SAN FRANCISCO--The summer Olympics only come around every four years, and for elite athletes vying for a spot on their national teams, failure to qualify can be crushing. Now, researchers have taken a look at how the brain deals with dashed Olympic dreams. Their findings hint at a possible explanation for why athletes who've suffered tough losses often have a hard time getting back on top of their game.

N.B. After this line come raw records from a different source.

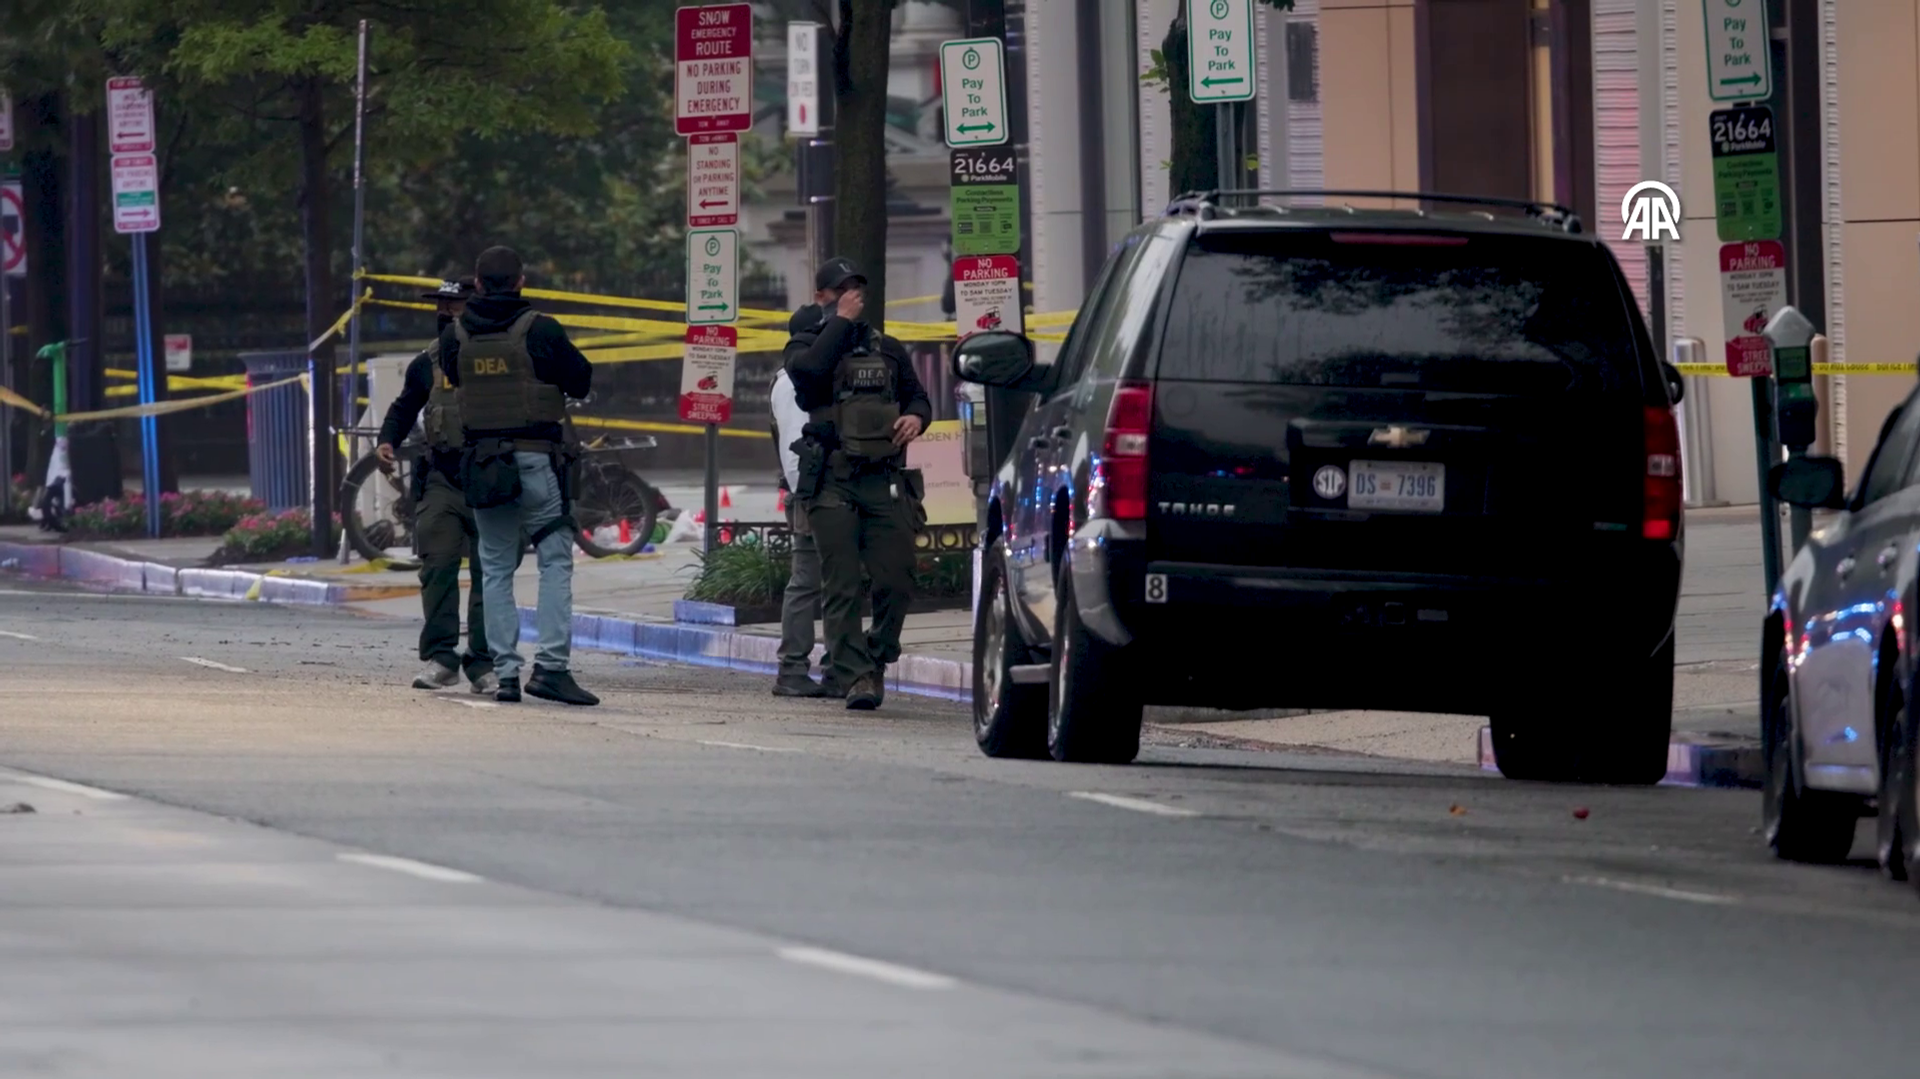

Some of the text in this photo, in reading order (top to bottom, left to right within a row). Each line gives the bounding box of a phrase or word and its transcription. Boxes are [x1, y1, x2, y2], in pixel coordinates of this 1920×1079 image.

[698, 10, 731, 26] SNOW
[1724, 18, 1746, 32] Pay
[691, 27, 737, 39] EMERGENCY
[1209, 29, 1232, 41] Pay
[696, 41, 732, 56] ROUTE
[1730, 37, 1744, 49] To
[1214, 46, 1229, 56] To
[1208, 60, 1236, 71] Park
[1724, 53, 1751, 66] Park
[687, 61, 742, 77] NO PARKING
[697, 80, 731, 95] DURING
[962, 78, 984, 90] Pay
[687, 97, 741, 113] EMERGENCY
[967, 94, 982, 104] To
[962, 107, 988, 118] Park
[1713, 118, 1771, 142] 21664
[708, 147, 719, 156] NO
[696, 160, 731, 170] STANDING
[954, 158, 1015, 173] 21664
[702, 172, 734, 183] PARKING
[698, 186, 729, 197] ANYTIME
[1744, 243, 1759, 256] NO
[703, 263, 722, 275] Pay
[977, 258, 993, 269] NO
[1729, 255, 1776, 271] PARKING
[963, 268, 1009, 280] PARKING
[1730, 272, 1756, 280] MONDAY
[707, 278, 719, 287] To
[1752, 281, 1780, 289] TUESDAY
[700, 290, 723, 299] Park
[706, 327, 719, 336] NO
[693, 335, 730, 346] PARKING
[1742, 350, 1769, 362] STREE
[474, 358, 508, 374] DEA
[858, 369, 885, 379] DEA
[692, 403, 719, 412] STREET
[687, 411, 722, 421] SWEEPING
[1355, 472, 1436, 497] DS 7396
[1158, 502, 1236, 516] TAHOE
[1147, 576, 1164, 600] 8

It's a frustrating problem for both athletes and sports psychologists, says Hap Davis, a Canadian psychologist based in Calgary. "You can get people feeling good again, but they don't perform at the level they need to," he says. To get a peek inside his patients' heads, Davis teamed up with cognitive neuroscientists, including Mario Liotti at Simon Fraser University in Burnaby, Canada. The team used functional magnetic resonance imaging to examine the brains of 14 swimmers, 10 women and four men, who didn't make the 2004 Canadian Olympic team. Inside the scanner, the swimmers each watched a video clip of themselves swimming their failed qualification race and another clip featuring a different swimmer.

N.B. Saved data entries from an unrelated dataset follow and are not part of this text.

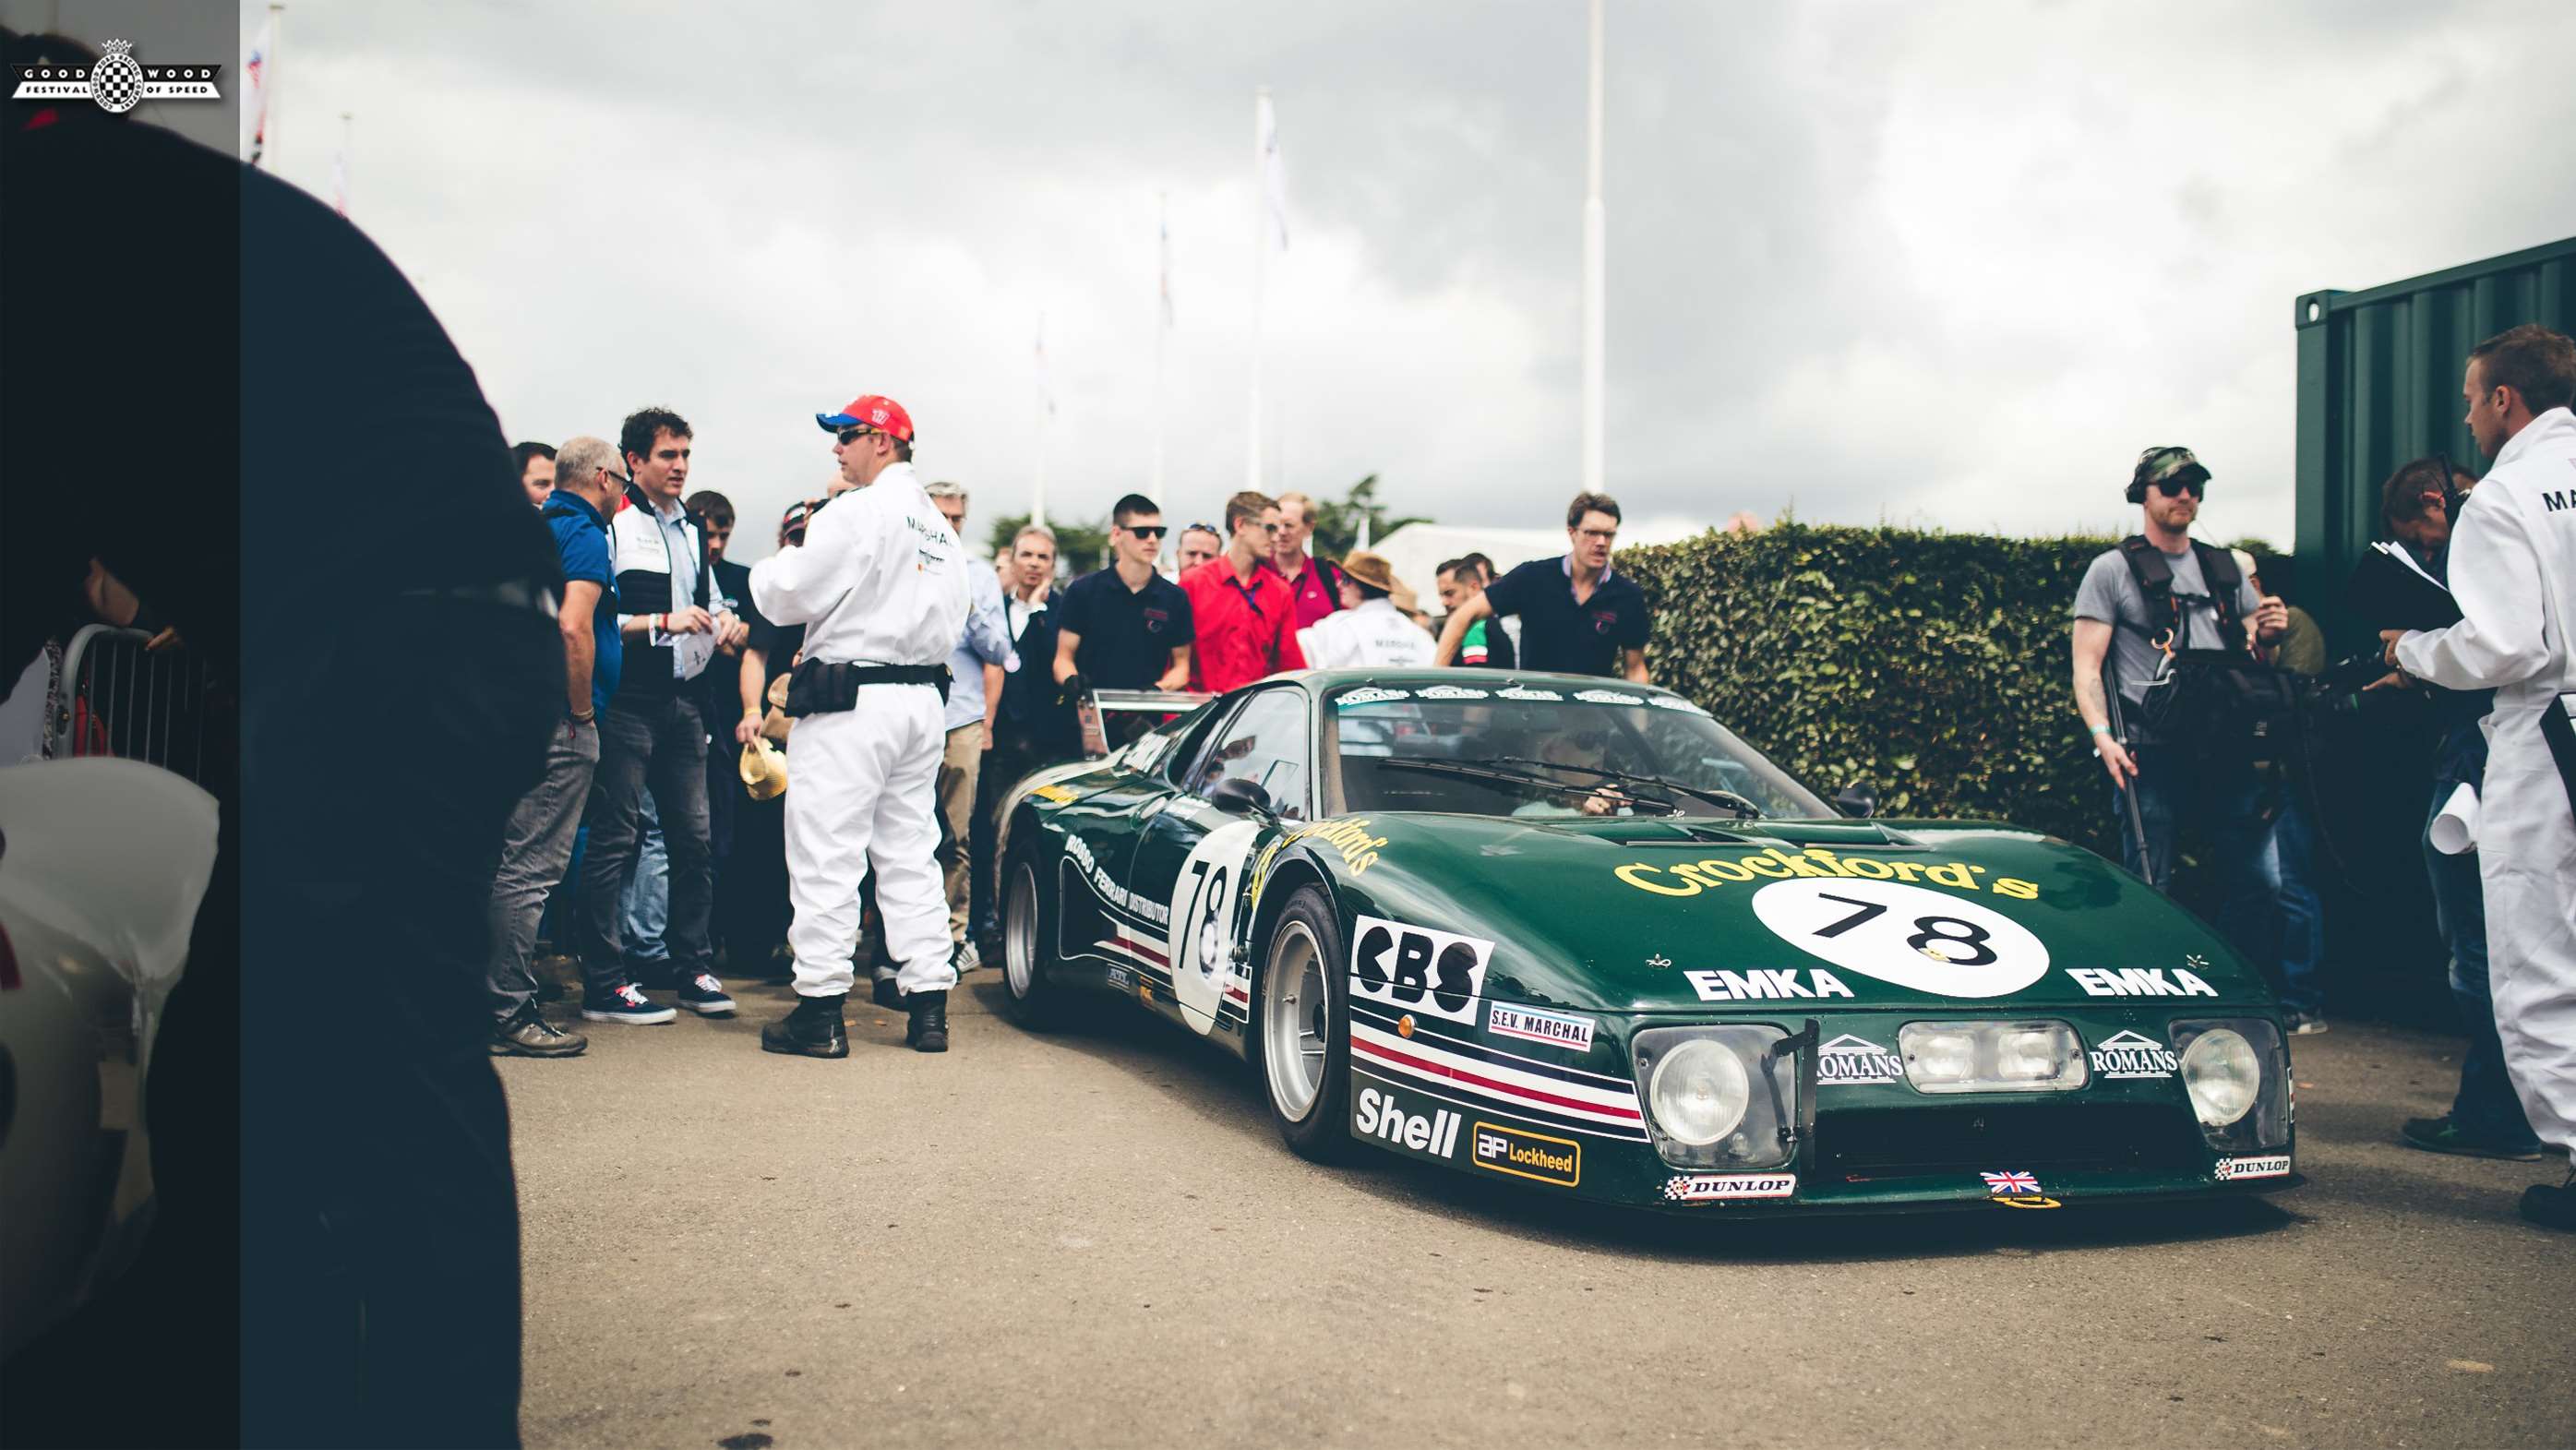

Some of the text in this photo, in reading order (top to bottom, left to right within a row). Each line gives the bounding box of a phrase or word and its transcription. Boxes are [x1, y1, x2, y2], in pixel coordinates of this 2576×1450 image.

[1065, 833, 1169, 926] ROSSO FERRARI DISTRIBUTOR
[1614, 848, 2040, 900] Crockford's
[1179, 859, 1228, 979] 78
[1812, 893, 1998, 966] 78
[1357, 926, 1479, 1013] CBS
[1683, 968, 1855, 1001] EMKA
[2065, 968, 2219, 997] EMKA
[1492, 1010, 1588, 1043] S.E.V. MARCHAL
[1816, 1053, 1904, 1078] OMANS
[2090, 1049, 2178, 1072] ROMANS
[1356, 1087, 1462, 1159] Shell
[1509, 1144, 1573, 1173] Lockheed
[2234, 1160, 2289, 1174] DUNLOP
[1693, 1180, 1791, 1193] DUNLOP

Not surprisingly, the swimmers rated their own videos more wrenching to watch. And their brains showed signs of their emotional pain, with heightened activity in the parahippocampus and other emotion-related areas that have been implicated in depression. (None of the swimmers had a prior history of depression). Moreover, the premotor cortex--a region that plans actions such as the arm and body movements needed to swim--seemed to be inhibited when the swimmers watched their bad race, the researchers reported here 9 April at a meeting of the Cognitive Neuroscience Society. To Davis, this suggests that bummed out athletes might perform poorly because their premotor cortex isn't sufficiently fired up.
After the first brain scan, the swimmers had 20-minute therapy sessions with Davis before hopping back in the scanner for another look at the videos. This time, the emotion-related regions were more subdued, and the premotor cortex was more active. That's encouraging evidence that the therapy works, Davis says. He suspects it might be possible to rev up the premotor cortex even more by having swimmers do calisthenics or lift weights right before a race.
"This is a spectacular demonstration that the sadness of defeat arouses the same areas deep in the brain that are active during depression," says Jaak Panksepp, a neuroscientist at Washington State University in Pullman. Panksepp says it's plausible that emotional arousal in these areas interferes with athletic performance by suppressing the premotor cortex, but more work will be needed to nail that down. "It's just an inference at this point," he says.